Have you heard about the white evangelical backlash against critical race theory? Let me explain.

First, it's important to note that this is just the latest manifestation of a running conflict within American evangelicalism.
That conflict is now entering the middle stages of a neo-fundamentalist split. But unlike earlier fundamentalist movements, which were as much motivated by doctrinal as cultural differences, this split is fueled primarily by culture war rhetoric and political tribalism.
There has been a growing divide b/t college-educated evangelical clergy & non-college laity. The clergy are more likely to either sympathize w/ or at least be sensitive toward broader social changes in America.
Those changes include the rise of religious "nones," increasing religious pluralism, and growing public awareness of systemic racial injustice.
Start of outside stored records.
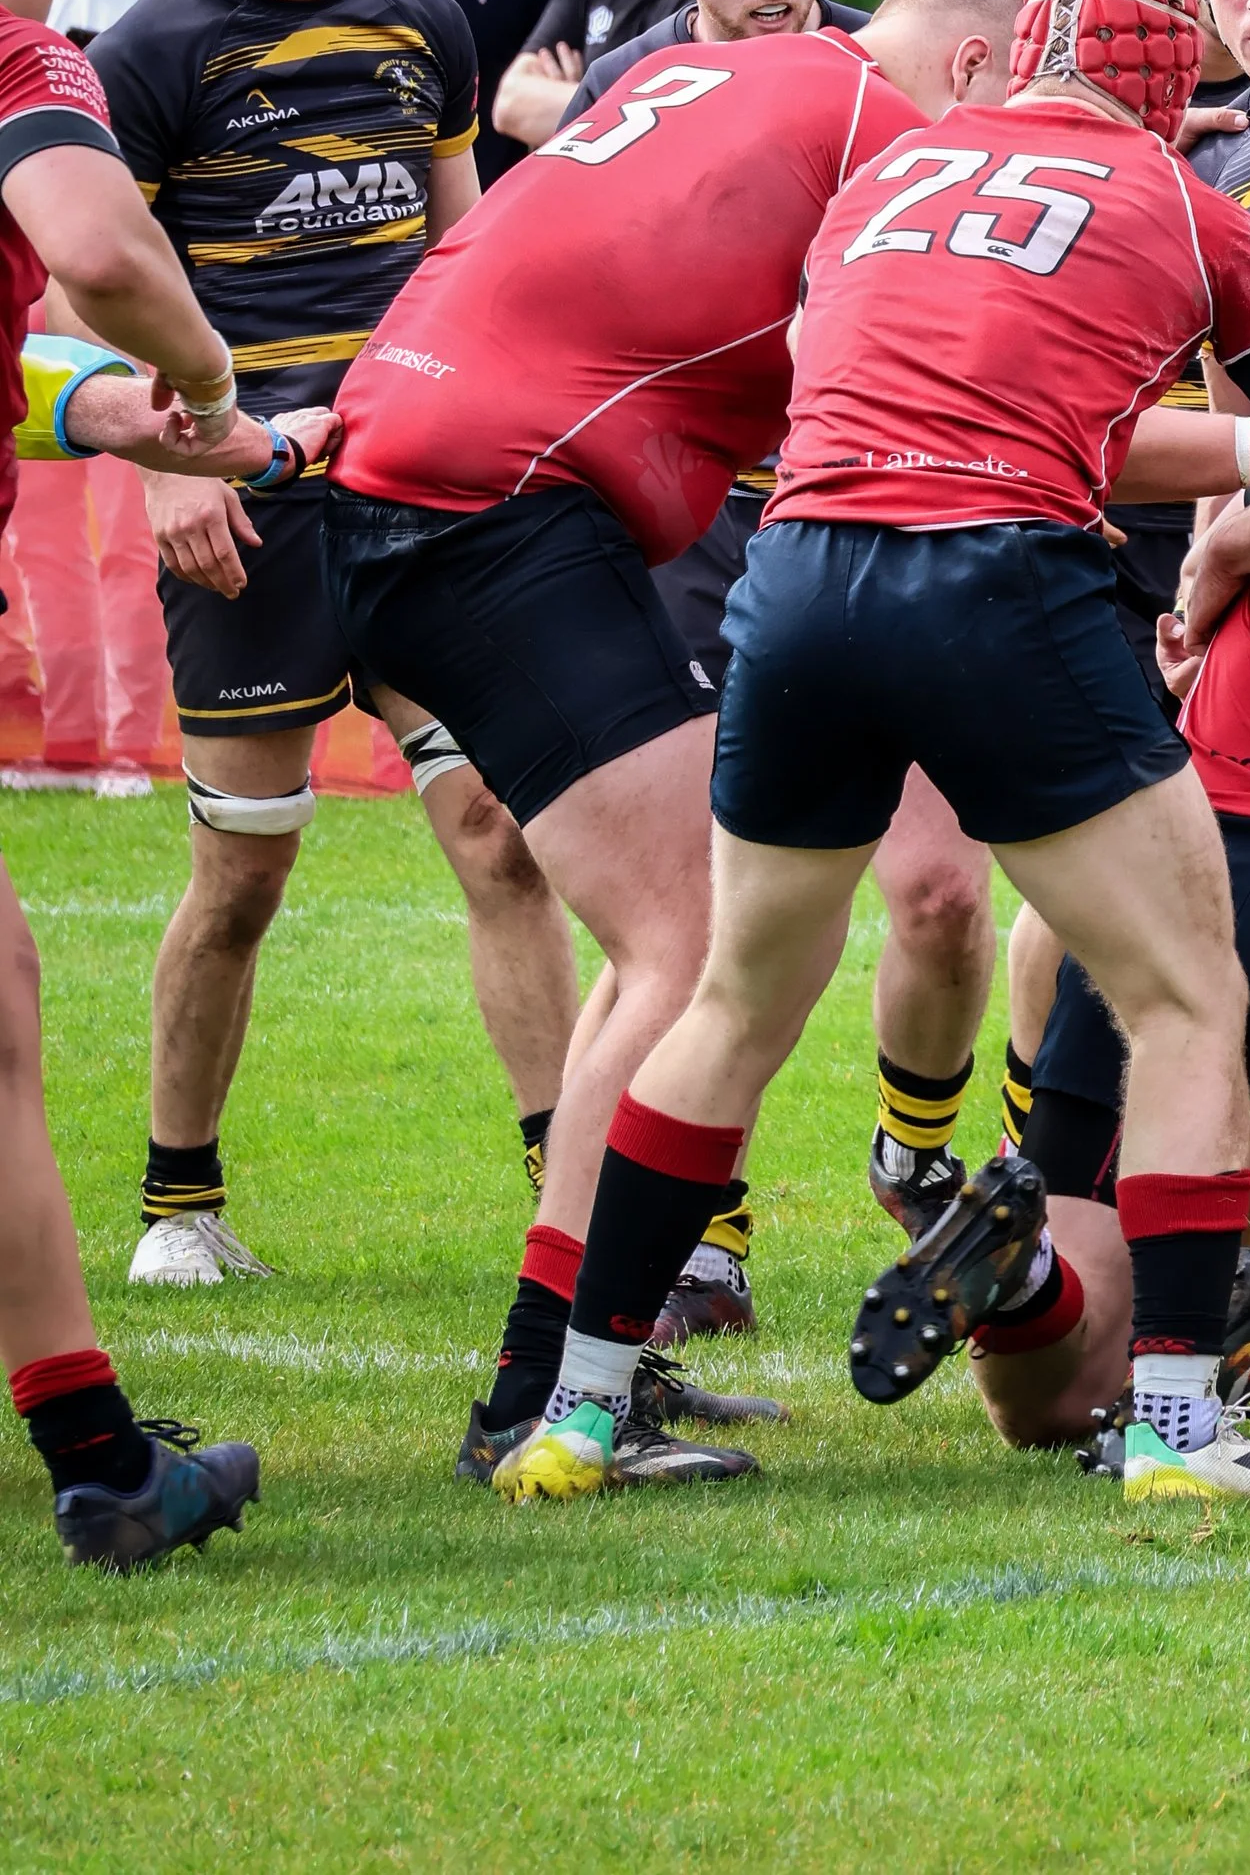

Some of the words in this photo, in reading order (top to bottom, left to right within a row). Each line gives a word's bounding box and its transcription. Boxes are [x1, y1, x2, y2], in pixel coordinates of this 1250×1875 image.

[226, 107, 300, 131] AKUMA
[535, 64, 735, 166] 3
[259, 161, 418, 218] AMA
[840, 146, 1117, 276] 25
[375, 341, 457, 380] Lancaster
[219, 682, 288, 700] AKUMA
For the neo-fundamentalist, these are all existential threats that justify the support of even unsavory culture warriors.
However, while evangelical clergy only get their congregants in the pews one to three times a week, Fox News and talk radio get them every day, all day.
The worldview of lay evangelicals is much more shaped by what they consume from politically-conservative media than by what their pastors preach from the pulpit. And that message tells them to be afraid, very, very afraid. America is changing and it's almost always for the worse.
That influence gap is heightened by how unequipped most evangelical clergy are to address social issues, both a relict of early 20th century evangelical backlash against the social gospel movement & the utter failure of most evangelical seminaries to bother w/ political theology.
However, until the last several years, that underlying tension wasn't often enough to break into open conflict. It would bubble up every now and again, like after 9/11 when opposition to mosque building became a popular culture war stance among political conservatives.
By contrast, people like Russell Moore of the South Baptist Evangelical and Religious Liberty Commission, supported the rights of muslims to build mosques, which led to a viral backlash moment at the SBC in 2016.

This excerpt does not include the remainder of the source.